-- PROMPT --
Please write every entry out again, exactly as it reads below.

-- MATERIAL SHOWN --

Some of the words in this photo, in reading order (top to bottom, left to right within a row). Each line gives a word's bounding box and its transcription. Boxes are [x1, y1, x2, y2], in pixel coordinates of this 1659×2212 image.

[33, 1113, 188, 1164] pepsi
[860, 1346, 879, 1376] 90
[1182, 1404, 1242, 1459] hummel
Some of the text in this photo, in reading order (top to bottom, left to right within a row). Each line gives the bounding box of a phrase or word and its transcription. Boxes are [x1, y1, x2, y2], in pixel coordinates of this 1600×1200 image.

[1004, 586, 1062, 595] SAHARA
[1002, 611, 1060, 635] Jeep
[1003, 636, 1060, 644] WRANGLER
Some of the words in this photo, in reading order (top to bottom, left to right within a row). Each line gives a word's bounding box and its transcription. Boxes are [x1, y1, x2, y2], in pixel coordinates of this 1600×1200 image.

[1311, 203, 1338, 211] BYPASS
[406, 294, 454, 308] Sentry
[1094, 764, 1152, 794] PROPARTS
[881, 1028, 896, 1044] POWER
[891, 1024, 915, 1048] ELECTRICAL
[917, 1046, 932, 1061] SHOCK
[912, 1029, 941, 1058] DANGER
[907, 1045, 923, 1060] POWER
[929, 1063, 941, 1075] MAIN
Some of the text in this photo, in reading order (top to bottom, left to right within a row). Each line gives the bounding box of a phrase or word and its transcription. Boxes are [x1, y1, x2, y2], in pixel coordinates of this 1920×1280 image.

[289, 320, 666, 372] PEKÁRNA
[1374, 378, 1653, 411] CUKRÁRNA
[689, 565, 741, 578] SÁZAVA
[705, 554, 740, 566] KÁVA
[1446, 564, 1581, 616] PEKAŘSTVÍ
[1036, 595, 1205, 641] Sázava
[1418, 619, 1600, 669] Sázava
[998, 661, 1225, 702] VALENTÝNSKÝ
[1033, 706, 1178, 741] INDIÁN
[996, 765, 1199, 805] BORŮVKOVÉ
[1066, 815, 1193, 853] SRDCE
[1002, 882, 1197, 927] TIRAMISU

-- SOLUTION FOR THIS EXERCISE --
Some of the words in this photo, in reading order (top to bottom, left to right within a row). Each line gives a word's bounding box and its transcription. Boxes are [x1, y1, x2, y2], in pixel coordinates of this 1659×2212 image.

[33, 1113, 188, 1164] pepsi
[860, 1346, 879, 1376] 90
[1182, 1404, 1242, 1459] hummel
Some of the text in this photo, in reading order (top to bottom, left to right within a row). Each line gives the bounding box of a phrase or word and its transcription. Boxes are [x1, y1, x2, y2], in pixel coordinates of this 1600×1200 image.

[1004, 586, 1062, 595] SAHARA
[1002, 611, 1060, 635] Jeep
[1003, 636, 1060, 644] WRANGLER
Some of the words in this photo, in reading order (top to bottom, left to right within a row). Each line gives a word's bounding box and its transcription. Boxes are [x1, y1, x2, y2], in pixel coordinates of this 1600×1200 image.

[1311, 203, 1338, 211] BYPASS
[406, 294, 454, 308] Sentry
[1094, 764, 1152, 794] PROPARTS
[881, 1028, 896, 1044] POWER
[891, 1024, 915, 1048] ELECTRICAL
[917, 1046, 932, 1061] SHOCK
[912, 1029, 941, 1058] DANGER
[907, 1045, 923, 1060] POWER
[929, 1063, 941, 1075] MAIN
Some of the text in this photo, in reading order (top to bottom, left to right within a row). Each line gives the bounding box of a phrase or word and its transcription. Boxes are [x1, y1, x2, y2], in pixel coordinates of this 1920×1280 image.

[289, 320, 666, 372] PEKÁRNA
[1374, 378, 1653, 411] CUKRÁRNA
[689, 565, 741, 578] SÁZAVA
[705, 554, 740, 566] KÁVA
[1446, 564, 1581, 616] PEKAŘSTVÍ
[1036, 595, 1205, 641] Sázava
[1418, 619, 1600, 669] Sázava
[998, 661, 1225, 702] VALENTÝNSKÝ
[1033, 706, 1178, 741] INDIÁN
[996, 765, 1199, 805] BORŮVKOVÉ
[1066, 815, 1193, 853] SRDCE
[1002, 882, 1197, 927] TIRAMISU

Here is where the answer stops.